If you feel stuck in a dead end job, but you are afraid to interview elsewhere or go back to school to get more education, fear may be keeping stagnant. It seems so much easier just to stay put than to venture into the unknown and risk failure. But rest assured, if you do nothing, five or ten years now you will be that much older and still complaining. If you are 30 now and dissatisfied with your situation, do you want to be 40 in the same place. The older you get, the less likely you are to venture out to make a change.
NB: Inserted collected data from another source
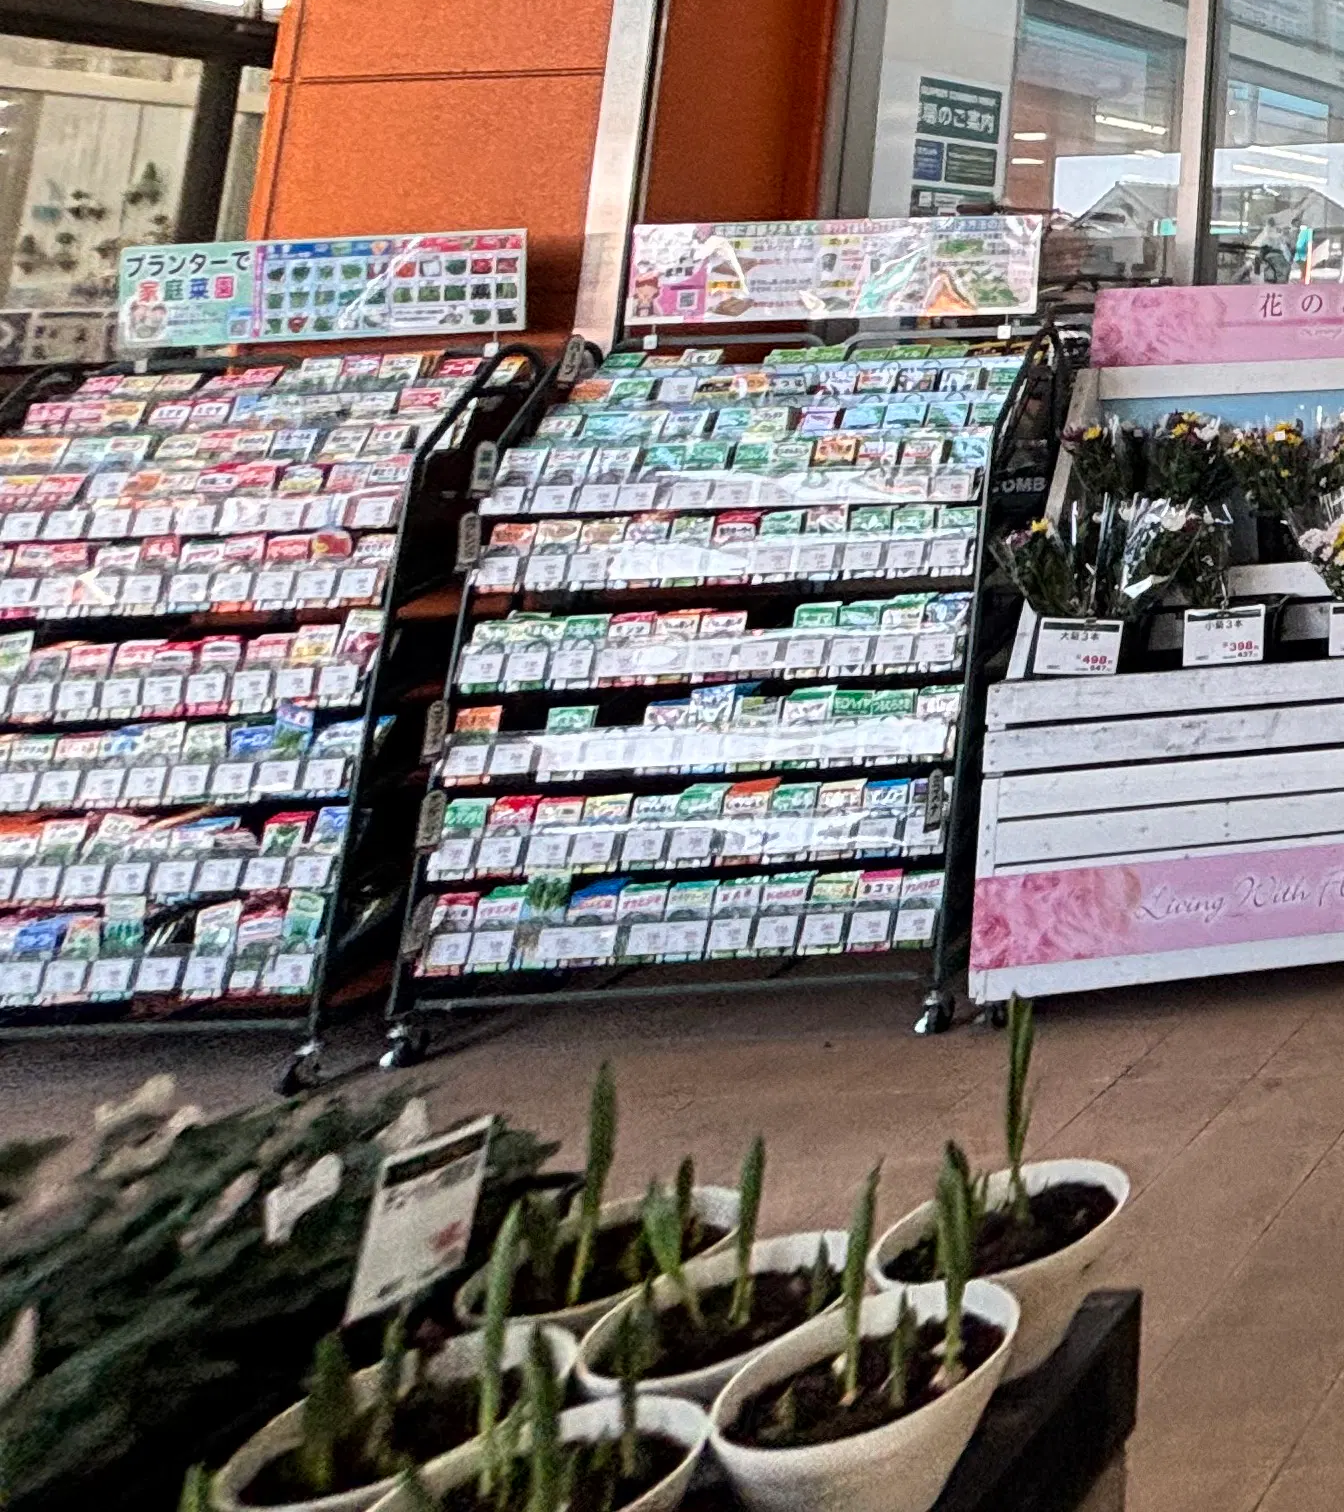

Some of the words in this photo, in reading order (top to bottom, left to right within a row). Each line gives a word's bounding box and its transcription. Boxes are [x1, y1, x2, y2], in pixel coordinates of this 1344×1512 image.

[126, 250, 250, 278] プランターで
[137, 276, 235, 301] 家庭菜園
[1135, 886, 1226, 923] Living
[1234, 876, 1312, 909] With
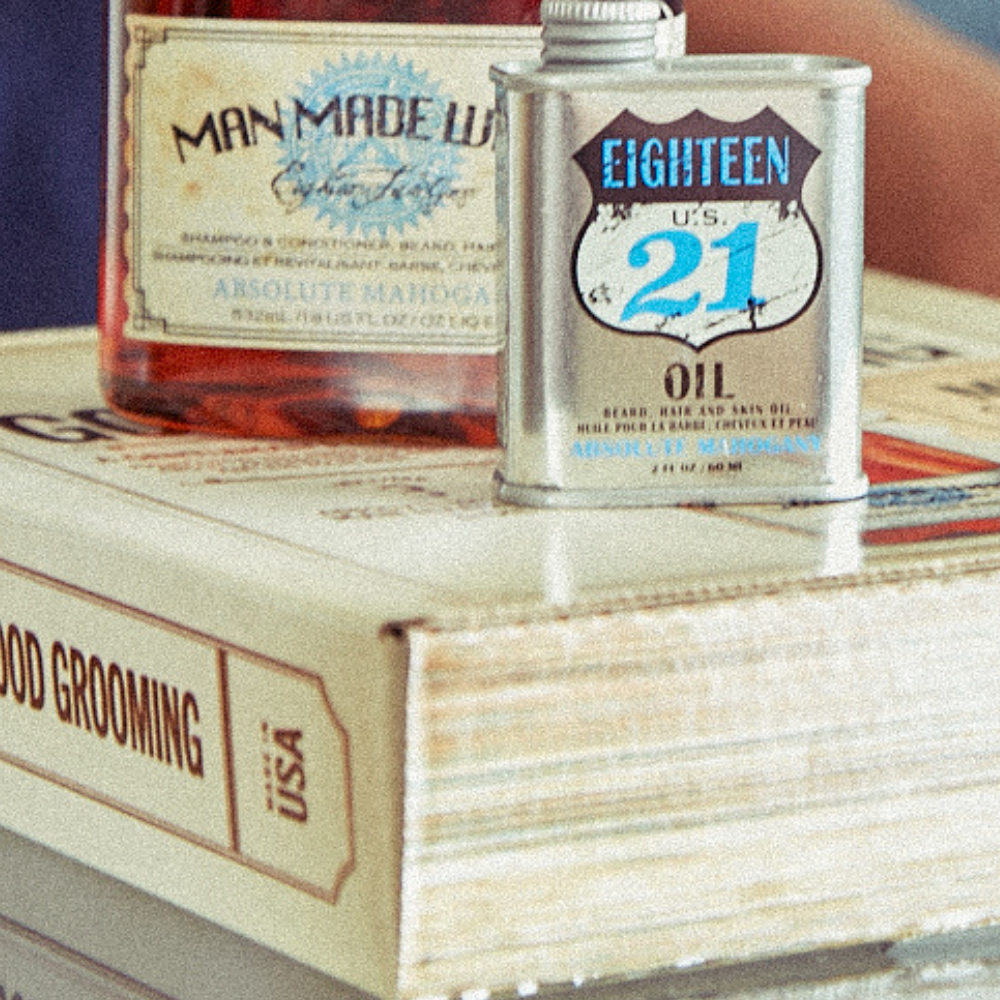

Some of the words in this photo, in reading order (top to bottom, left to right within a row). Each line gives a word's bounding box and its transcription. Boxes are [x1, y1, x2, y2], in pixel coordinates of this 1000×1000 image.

[171, 100, 284, 164] MAN
[294, 95, 433, 141] MADE
[443, 102, 498, 150] W
[602, 136, 790, 189] EIGHTEEN
[214, 277, 351, 302] ABSOLUTE
[619, 222, 767, 322] 21
[664, 362, 735, 400] OIL
[576, 422, 609, 434] HUILE
[652, 420, 665, 432] LA
[771, 417, 784, 429] ET
[660, 405, 692, 417] HAIR
[732, 403, 764, 415] SKIN
[770, 402, 791, 414] OIL
[570, 437, 688, 459] ABSOLUTE
[698, 432, 821, 456] MAHOGANY
[52, 640, 204, 778] GROOMING
[273, 728, 307, 823] USA
Sometimes it just seems too hard to do things differently. You might have to actually invest time and energy into pursuing something new like dating your resume, brushing up on interviewing skills. If you are looking for love, you may have to step outside your comfort zone and do some new activities or write a dating profile. Or if you are trying to stop smoking, you may have to figure out what else you will do with your hands when you are having a drink or how will you relax, when smoking is your favorite form of winding down. Although, many smokers don’t realize that there is nothing about smoking that is relaxing because it increases blood pressure, heart rate, and respiration rate. The reason most people think it is relaxing is because they are doing relaxing activities while smoking (e.g., taking a break at work, sitting quietly after a meal). It’s the taking the break and sitting quietly that is relaxing and the smoker merely learns to associate smoking with relaxation because the two are happening together.
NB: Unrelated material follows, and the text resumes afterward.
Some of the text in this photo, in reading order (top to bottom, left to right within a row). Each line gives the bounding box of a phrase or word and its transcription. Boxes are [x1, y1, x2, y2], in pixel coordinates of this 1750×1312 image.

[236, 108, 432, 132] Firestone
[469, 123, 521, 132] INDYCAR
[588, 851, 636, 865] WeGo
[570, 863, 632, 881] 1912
Conditioning is one of the biggest reasons we do the things we do. Skinner states we learn things through reinforcement and punishment. Rewards increase behavior and punishers decrease behavior. You are more likely to show up for work if you get a paycheck (reinforcer) and you are less likely to run a stop light if you get a $100 ticket (punisher). Pavlov posits that we learn through association, you pair to things together enough, when one thing happens you expect the other to happen also. If you are used to eating while watching TV, the TV may become a cue to eat, such that whenever you turn on the boob tube all of a sudden you want to eat, even if you are not hungry. And Bandura suggests that we learning things though simple modeling—observing someone doing something and imitating that behavior yourself. Girls model their mothers and boys model their fathers. How many habits do you have as a direct result of what one of your parents did?
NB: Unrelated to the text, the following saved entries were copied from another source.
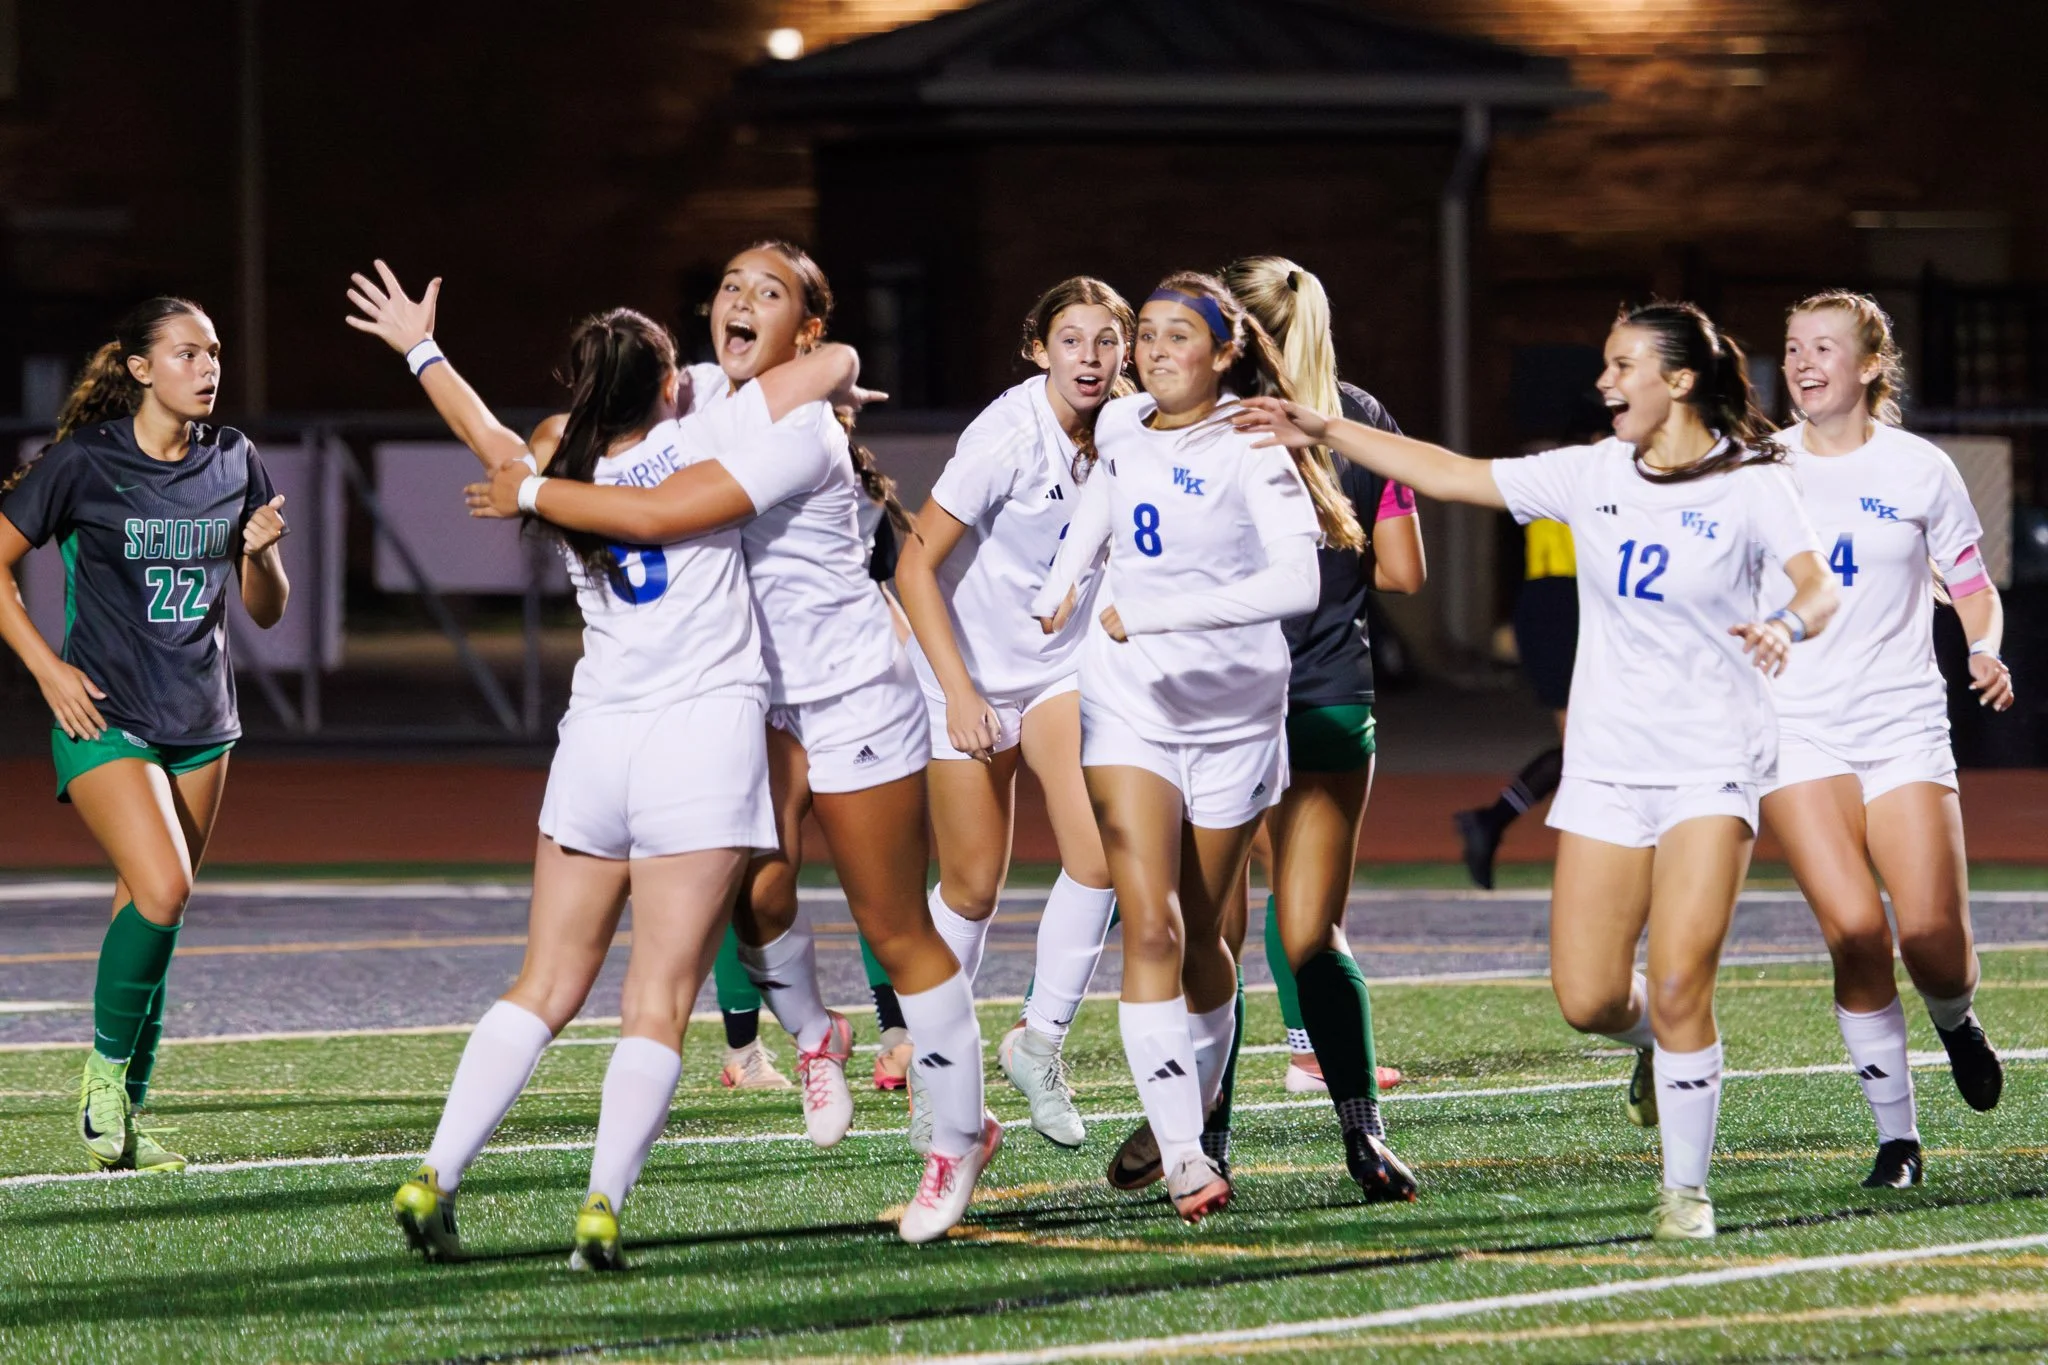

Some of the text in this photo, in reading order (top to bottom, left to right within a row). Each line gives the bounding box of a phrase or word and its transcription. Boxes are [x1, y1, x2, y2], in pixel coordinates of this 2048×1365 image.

[1173, 467, 1206, 496] WK
[1859, 497, 1899, 520] WK
[124, 518, 230, 560] SCIOTO
[1133, 502, 1163, 557] 8
[1618, 539, 1670, 602] 12
[1829, 532, 1859, 587] 4
[145, 566, 210, 622] 22
Sometimes we don’t want to give up a behavior because we feel as though we are losing a part of ourselves. We then have to grieve the absence of that thing. You may enjoy going to the bar after work, gambling at the casino, or shopping for unnecessary things. Giving up those past times that have become addictions may leave a big hole in your life and you may not know how to fill it. Physical addictions can cause physical withdrawal when the behavior ceases. Similarly, behavioral addictions can have emotional consequences when it stops. That momentary high of buying yet another piece of jewelry on the shopping network or the excitement of taking a chance on winning a slot machine may leave you feeling empty if you give it up.
And sometimes it’s just pure peer pressure to maintain the status quo. Your friends may pressure you to have that extra dessert when you are dieting, go out drinking when you are on the wagon, or go to the mall, when they know you can’t control your spending. These are not your friends. Misery loves company. Your getting healthy may make them feel worse about themselves, but that is not your problem. Whenever you are confronted between having to choose between your so called friends and your values, think of the long term consequences of your decision. Be assertive, say no, and live with any guilt you may feel about not pleasing them.
If you are contemplating making a change, but don’t know where to begin start by:
*setting small weekly goals to ensure you have a successful experience. Cold turkey doesn’t work for everyone.
* reward yourself with something small (not food) when you accomplish your goal to keep yourself moving in a positive direction.
*replace the bad habit with a healthy habit. Otherwise, you are more likely to revert to your old ways if you don’t have a new coping mechanism;
*Say no, when you mean no and work on the guilt later.